The company attacked the methods and conclusions of the agency study, which found that fluids from underground hydraulic fracturing migrated up from fracking operations and contaminated drinking water supplies used by the residents of Pavillion, Wyoming.
"It is our belief that the EPA made critical mistakes and misjudgments at almost every step in the process," David Stewart, the environment, health and safety lead for Encana's Wyoming operations, said on a conference call. "From the way it designed the study to the way it drilled and completed its (test) wells, to the way it collected and interpreted the data, to its decision to release a preliminary draft report without independent third-party review."
The EPA report was the first recent official indication that the fracking methods that have unlocked enough gas from shale rock formations to sate U.S. demand for decades could contaminate drinking water, supporting the concerns of environmental groups looking to limit or halt the practice.
The oil and gas industry maintains fracking has been used for decades without ever polluting water supplies because the drilling occurs far below water sources such as aquifers.
The EPA said test wells around Pavillion detected benzene, which can cause cancer, along with alcohols and glycols and other chemicals.
But Encana contends that one well was drilled deep into a gas-bearing zone where the water would naturally contain compounds like benzene.

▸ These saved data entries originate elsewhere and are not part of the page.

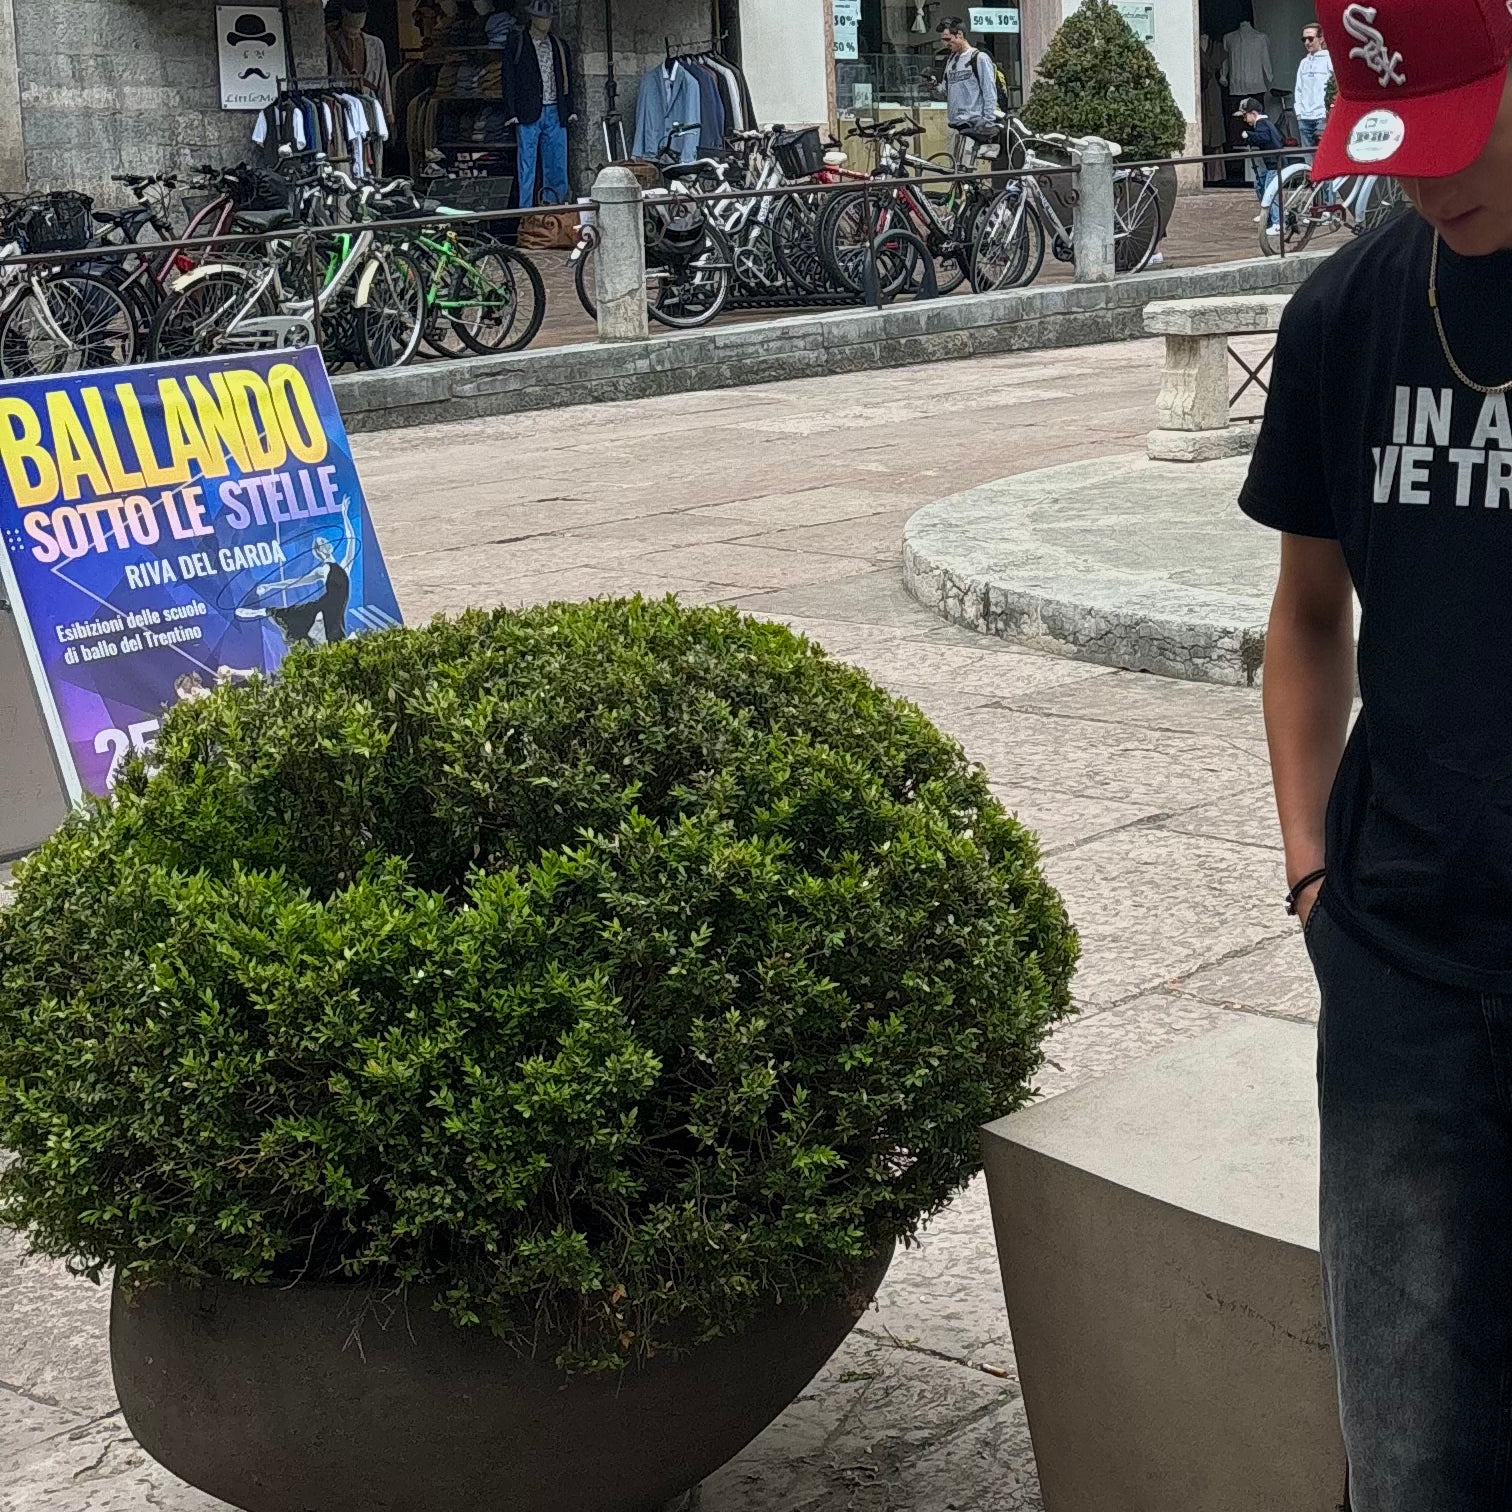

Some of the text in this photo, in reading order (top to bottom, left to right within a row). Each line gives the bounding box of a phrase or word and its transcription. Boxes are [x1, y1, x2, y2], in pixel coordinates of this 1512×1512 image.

[225, 92, 274, 103] LittleM
[0, 363, 329, 508] BALLANDO
[1392, 385, 1453, 447] IN
[24, 465, 343, 563] SOTTO LE STELLE
[125, 539, 287, 590] RIVA DEL GARDA
[55, 599, 207, 643] Esibizioni delle scuole
[63, 625, 202, 665] di ballo del Trentino

The company said it also thinks that some of the chemicals found came from the cement the agency used to line the test wells, while some other chemicals identified were used little, or not at all, in fracking operations at the field. It also questioned the testing methods used by the agency.

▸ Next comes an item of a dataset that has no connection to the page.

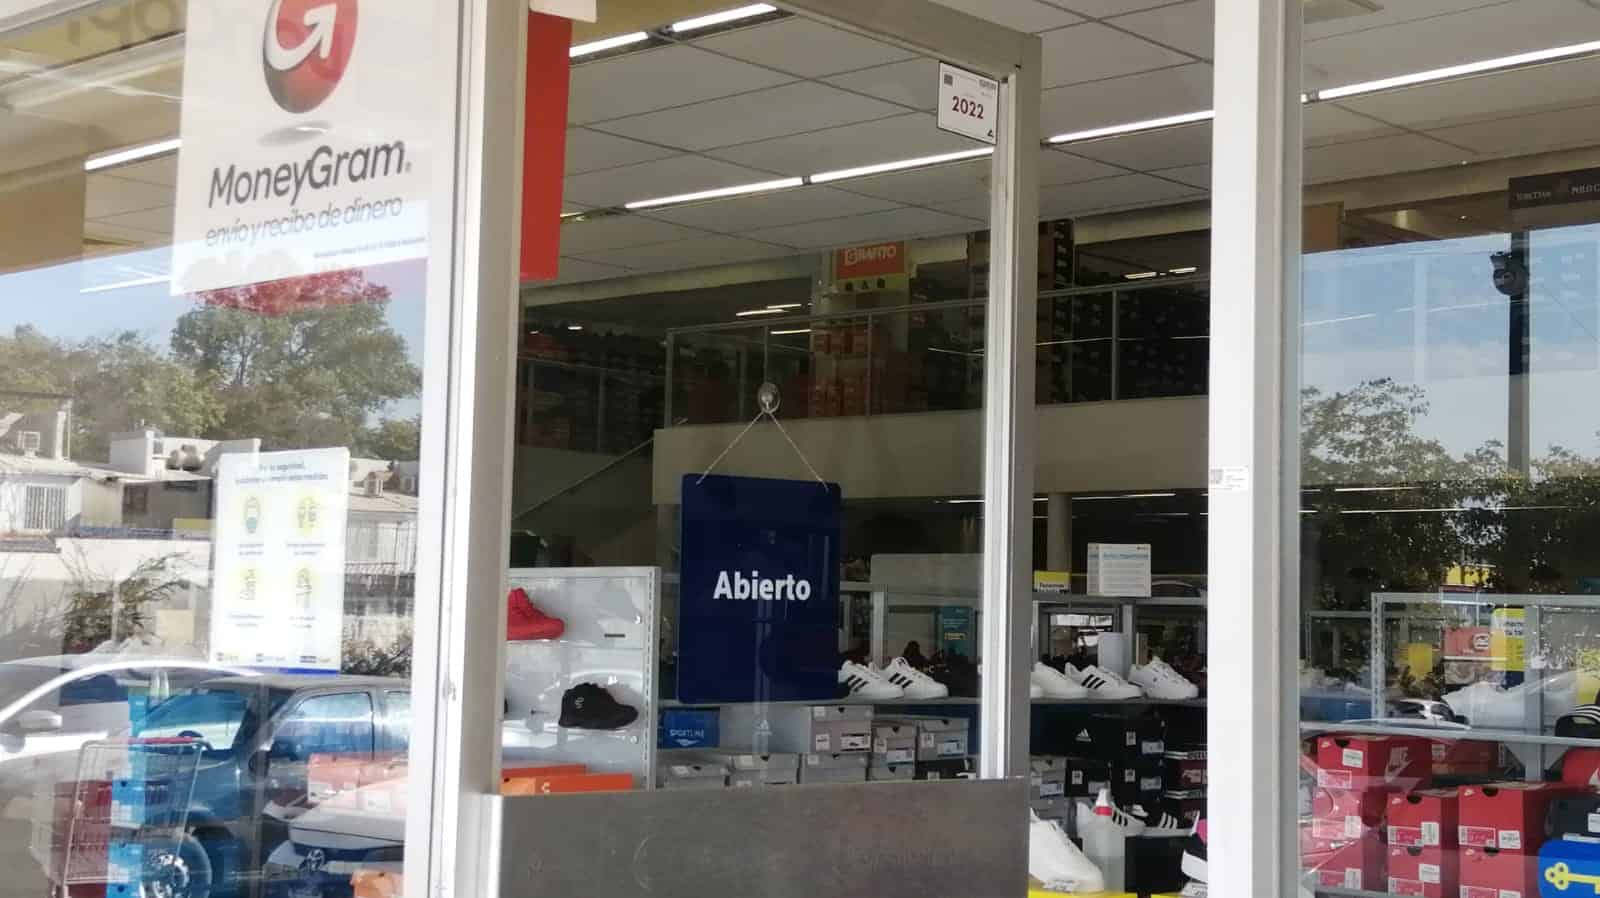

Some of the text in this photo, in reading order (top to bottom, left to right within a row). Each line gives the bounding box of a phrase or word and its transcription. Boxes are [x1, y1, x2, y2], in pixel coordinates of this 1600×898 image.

The EPA however, defended its methods and said its wells were drilled using stringent standards to reduce the possibility of contaminating the results. It also said the chemicals it found were not naturally occurring.
"We believe that the best explanation for the chemical signature seen in the monitoring wells is the release of hydraulic fracturing fluids into the aquifer above the production zone," Betsaida Alcantara, a spokeswoman for the EPA, said in an email.
"Hydraulic fracturing fluids were injected directly into the deeper part of the aquifer. The synthetic substances found in the deep monitoring wells are known to be used in hydraulic fracturing fluids, are not naturally occurring, and many of them were used in the Pavillion field."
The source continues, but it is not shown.